Amazon S3 (Simple Storage Service)

Amazon S3 (Simple Storage Service) is an object storage service that offers industry-leading scalability, data availability, security, and performance. Data Lake is one of pupular use cases of S3, which is a centralized repository that allows you to store all your structured and unstructured data at any scale.
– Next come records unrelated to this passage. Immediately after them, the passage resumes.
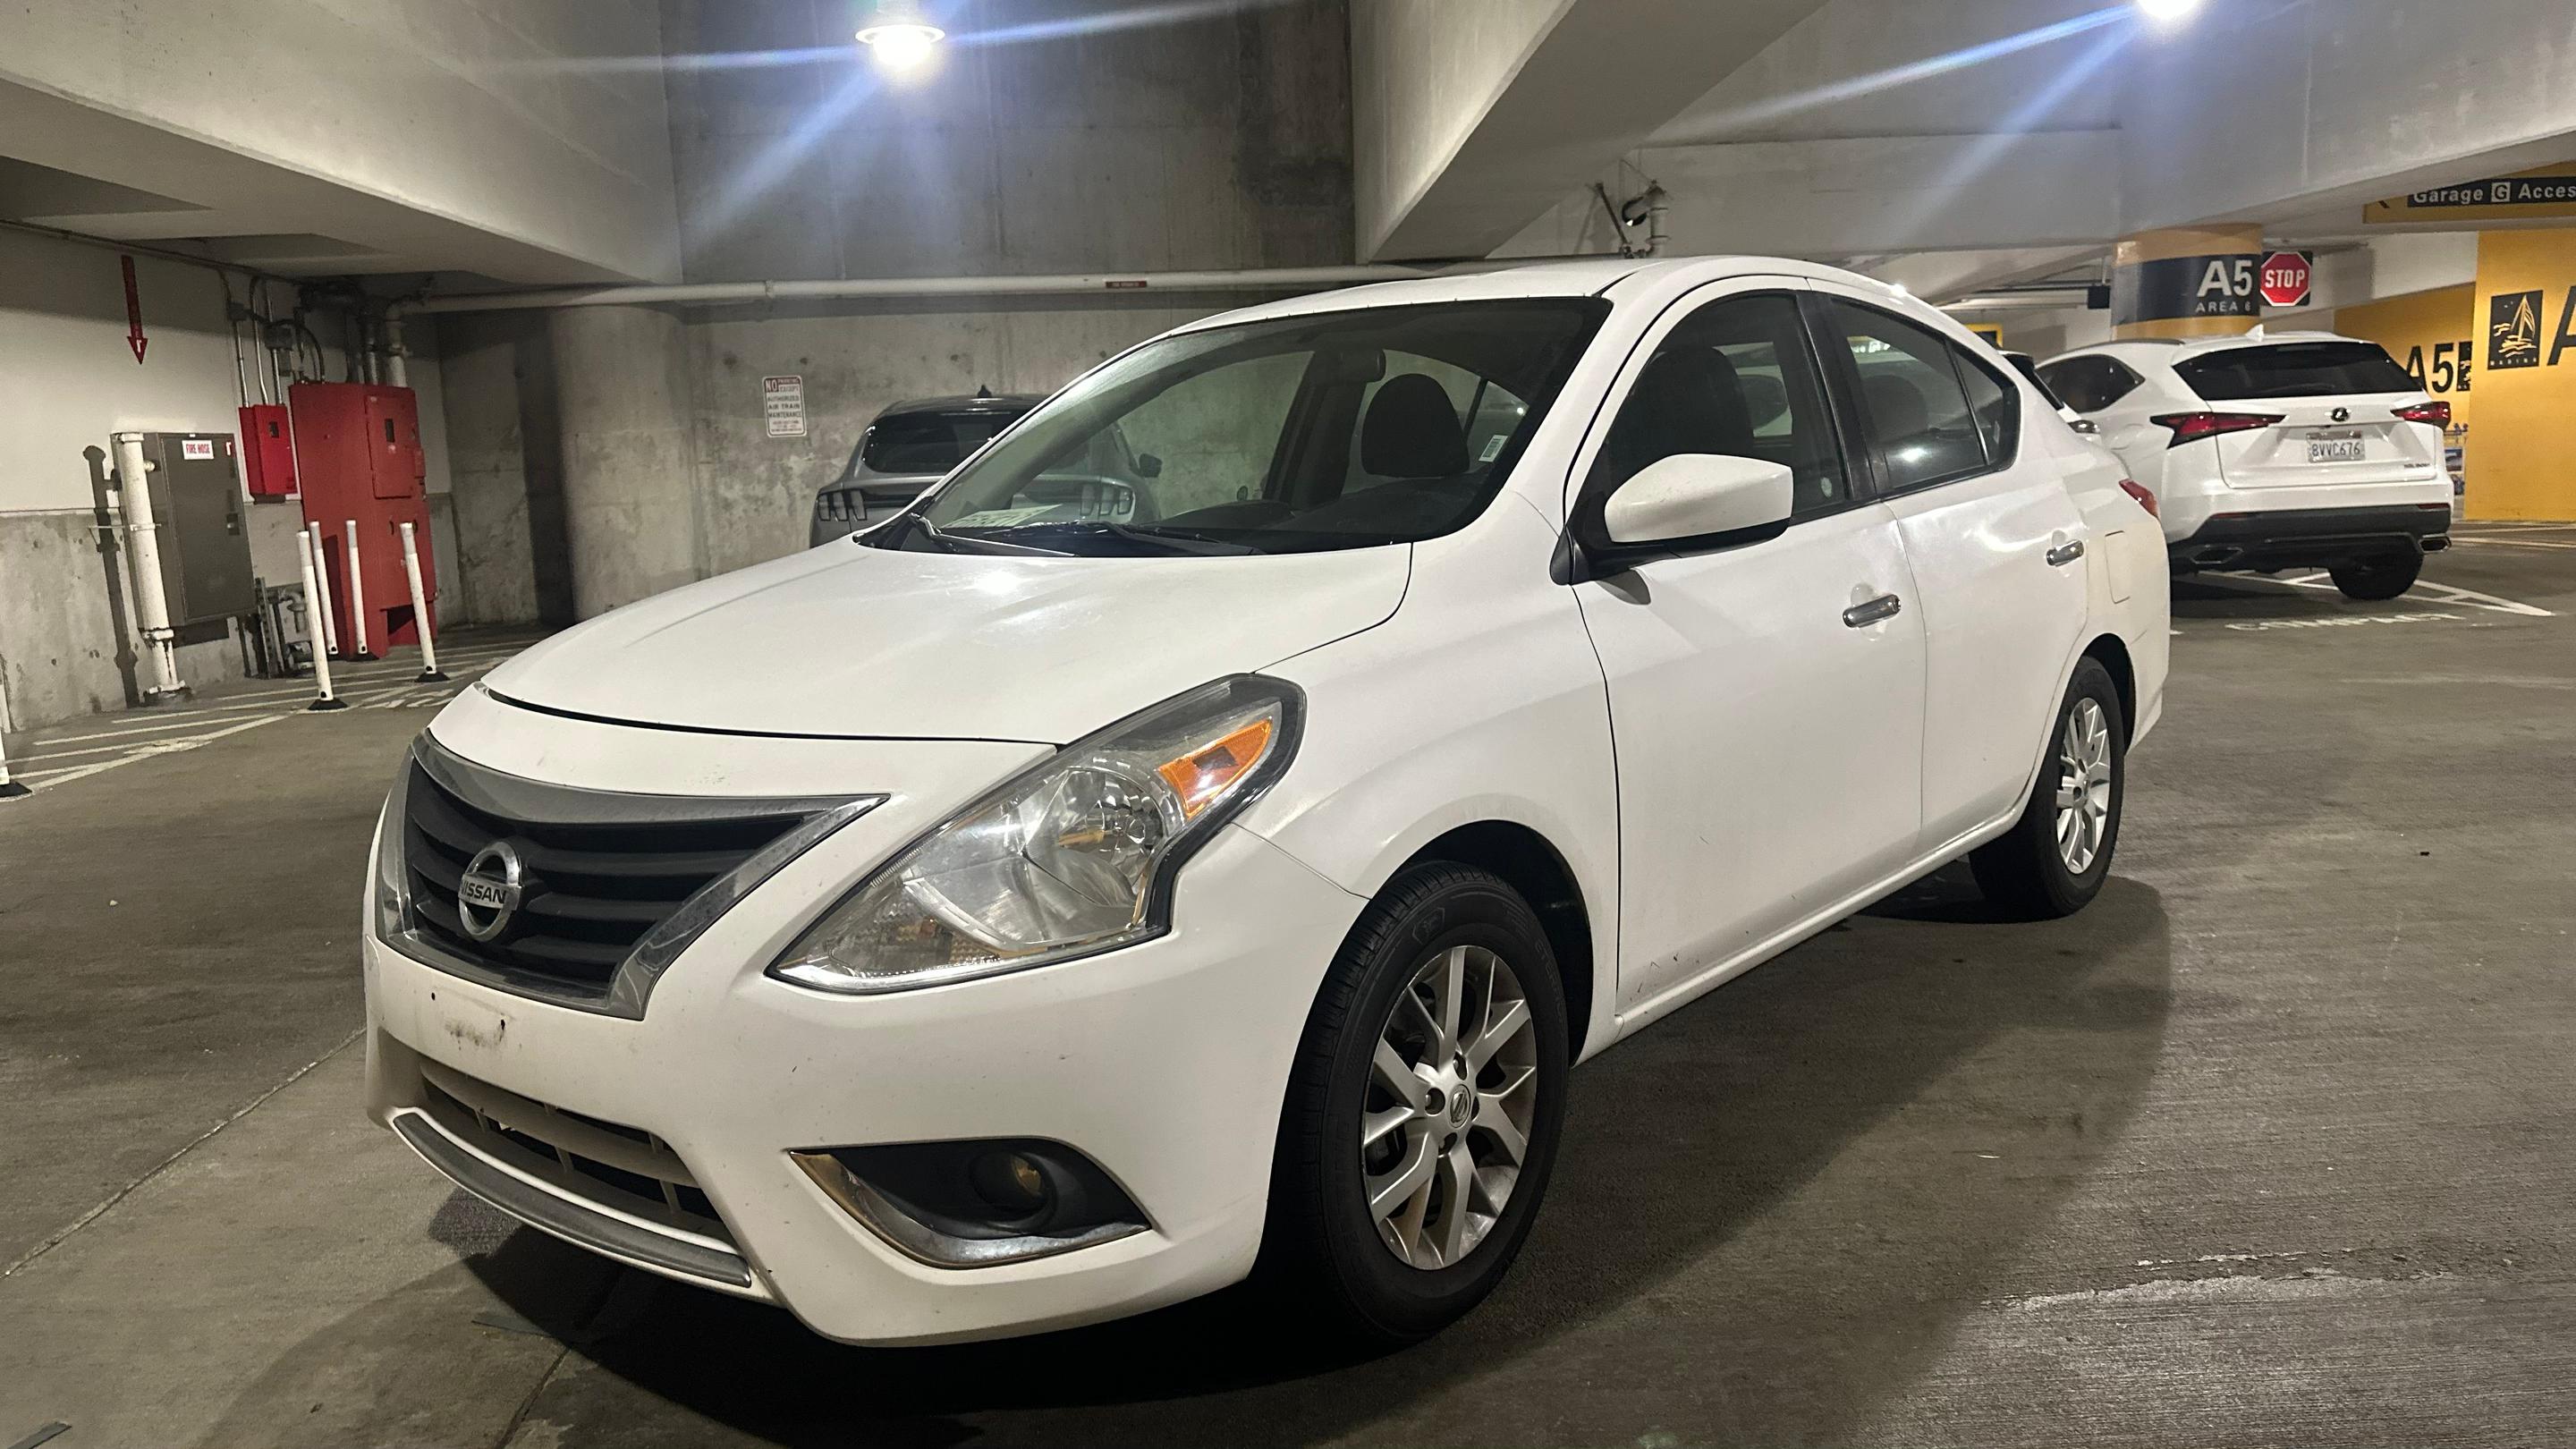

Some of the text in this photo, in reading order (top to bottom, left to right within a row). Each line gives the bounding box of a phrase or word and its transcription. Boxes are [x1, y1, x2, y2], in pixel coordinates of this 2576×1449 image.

[2414, 188, 2484, 205] Garage
[2495, 183, 2510, 201] G
[2197, 259, 2252, 297] A5
[2265, 269, 2305, 288] STOP
[2196, 301, 2238, 313] AREA
[2406, 343, 2454, 393] A5
[766, 378, 778, 392] NO
[186, 444, 210, 453] FIRE HOSE
[461, 879, 506, 904] NISSAN
You can run data analytics, artificial intelligence (AI), machine learning (ML), and high-performance computing (HPC) applications to unlock the value of your data.

Examples

Analytics on AWS

Getting started

AWS CLI

Follow the official guide to install and configure profiles.

After the installation is complete, you can check the aws cli version:

aws --version
aws-cli/2.5.8 Python/3.9.11 Darwin/21.4.0 exe/x86_64 prompt/off

Terraform

Terraform is an open-source infrastructure as code software tool that enables you to safely and predictably create, change, and improve infrastructure.

Install

This is the official guide for terraform binary installation. Please visit this Install Terraform website and follow the instructions.
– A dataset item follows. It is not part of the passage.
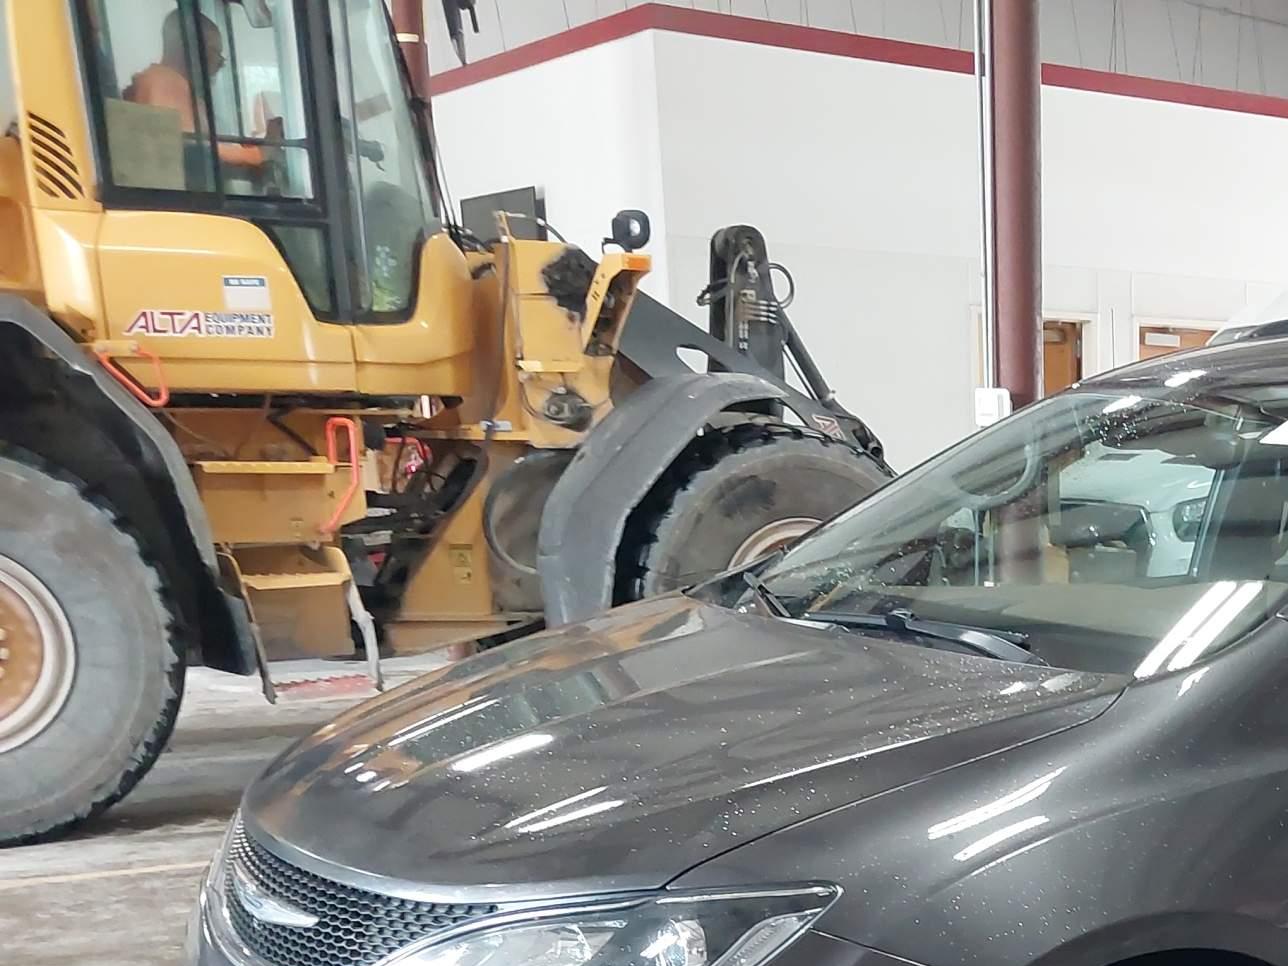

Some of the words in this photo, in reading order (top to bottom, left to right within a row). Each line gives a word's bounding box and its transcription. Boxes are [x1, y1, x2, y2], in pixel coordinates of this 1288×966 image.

[125, 311, 202, 334] ALTA
[205, 312, 272, 324] EQUIPMENT
[205, 325, 272, 336] COMPANY
Or, you can manually get a specific version of terraform binary from the websiate. Move to the Downloads page and look for the appropriate package for your system. Download the selected zip archive package. Unzip and install terraform by navigating to a directory included in your system's PATH.

Or, you can use tfenv utility. It is very useful and easy solution to install and switch the multiple versions of terraform-cli.

First, install tfenv using brew.

brew install tfenv

Then, you can use tfenv in your workspace like below.

tfenv install <version>
tfenv use <version>

Also this tool is helpful to upgrade terraform v0.12. It is a major release focused on configuration language improvements and thus includes some changes that you'll need to consider when upgrading. But the version 0.11 and 0.12 are very different. So if some codes are written in older version and others are in 0.12 it would be great for us to have nice tool to support quick switching of version.

tfenv list
tfenv install latest
tfenv use <version>

Setup

module "s3" {
  source  = "Young-ook/s3/aws"
  name    = "datalake"
  tags    = { env = "test" }
}

Run terraform:

terraform init
terraform apply

Object Lifecycle Management

To manage your objects so that they are stored cost effectively throughout their lifecycle, configure their Amazon S3 Lifecycle. An S3 Lifecycle configuration is a set of rules that define actions that Amazon S3 applies to a group of objects. There are two types of actions:

Transition actions Define when objects transition to another storage class. For example, you might choose to transition objects to the S3 Standard-IA storage class 30 days after you created them, or archive objects to the S3 Glacier storage class one year after creating them. There are costs associated with the lifecycle transition requests. For pricing information, see Amazon S3 pricing
Expiration actions Define when objects expire. Amazon S3 deletes expired objects on your behalf. The lifecycle expiration costs depend on when you choose to expire objects.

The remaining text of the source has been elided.